* Work instructions: Every record below should be repeated exactly. Omit the pictures.

* Supplied records:
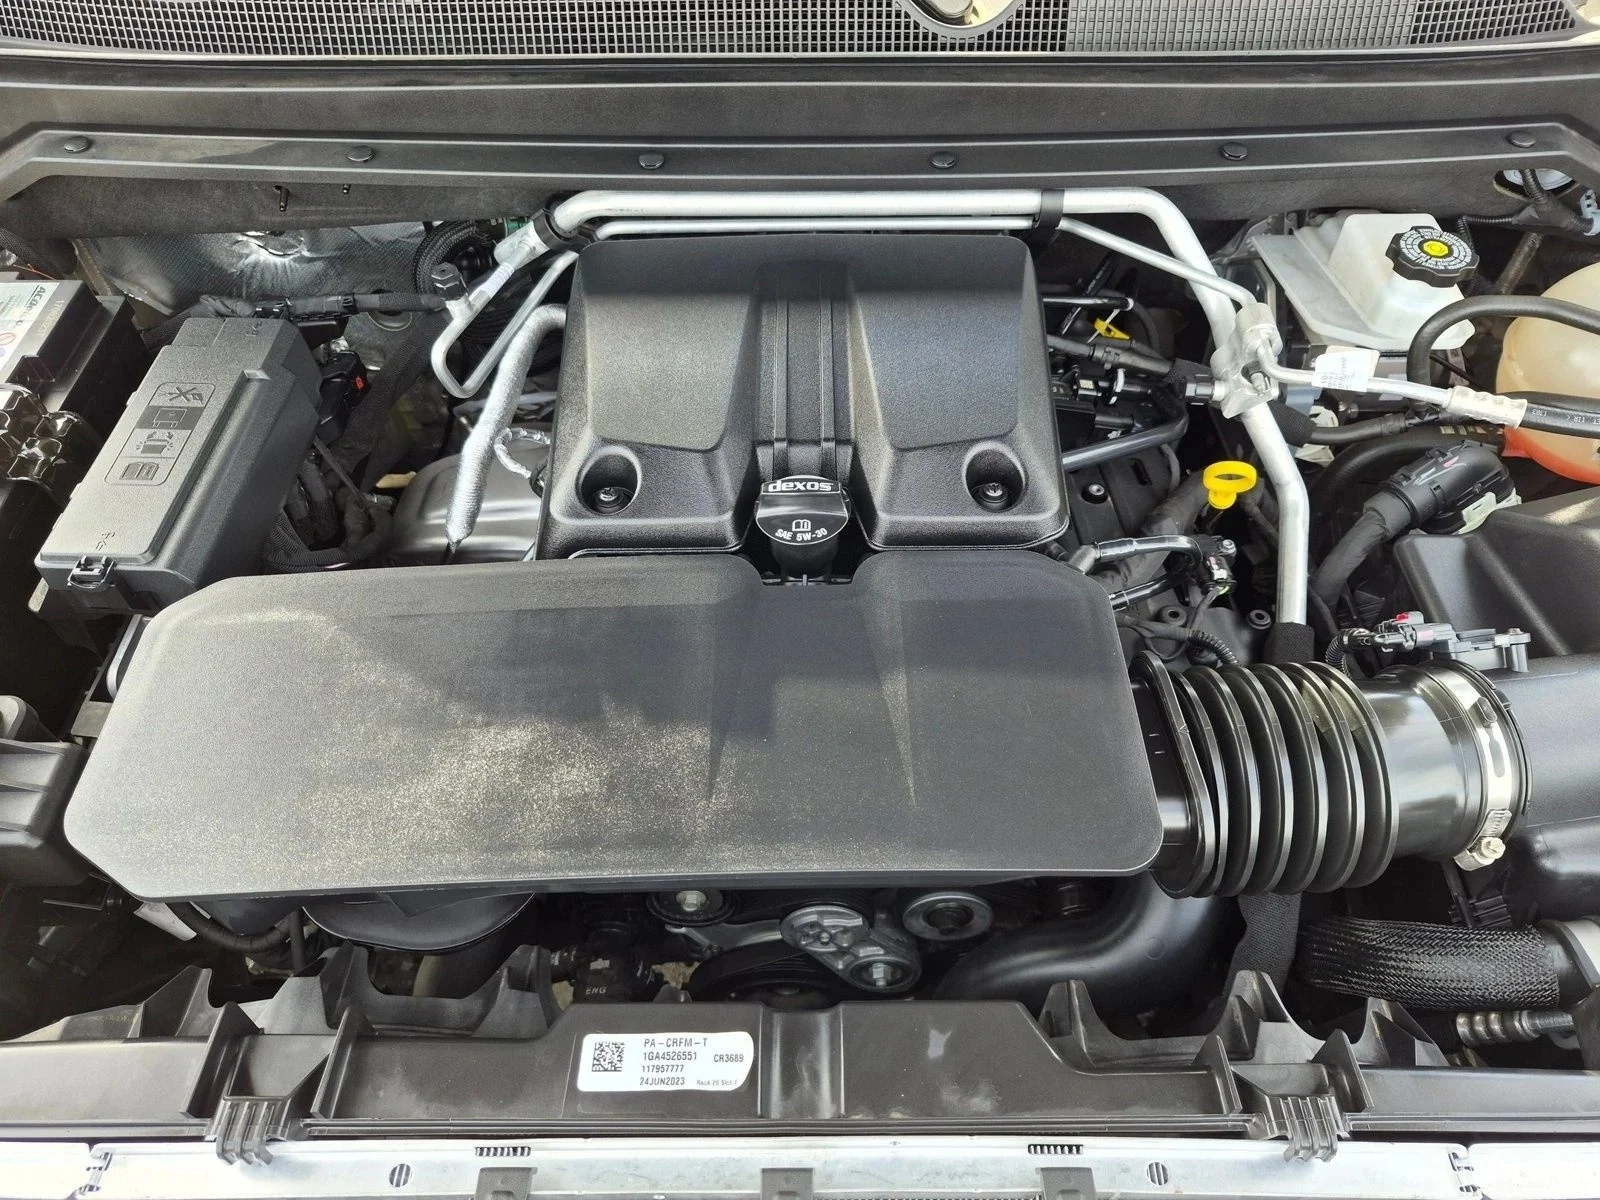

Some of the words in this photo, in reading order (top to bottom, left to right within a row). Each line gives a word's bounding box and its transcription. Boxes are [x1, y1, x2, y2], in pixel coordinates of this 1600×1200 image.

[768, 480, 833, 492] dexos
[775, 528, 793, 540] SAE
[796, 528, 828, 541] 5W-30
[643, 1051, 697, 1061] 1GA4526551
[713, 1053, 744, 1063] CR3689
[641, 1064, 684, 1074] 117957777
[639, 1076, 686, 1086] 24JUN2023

* Exercise solution:
Some of the words in this photo, in reading order (top to bottom, left to right within a row). Each line gives a word's bounding box and its transcription. Boxes are [x1, y1, x2, y2], in pixel coordinates of this 1600×1200 image.

[768, 480, 833, 492] dexos
[775, 528, 793, 540] SAE
[796, 528, 828, 541] 5W-30
[643, 1051, 697, 1061] 1GA4526551
[713, 1053, 744, 1063] CR3689
[641, 1064, 684, 1074] 117957777
[639, 1076, 686, 1086] 24JUN2023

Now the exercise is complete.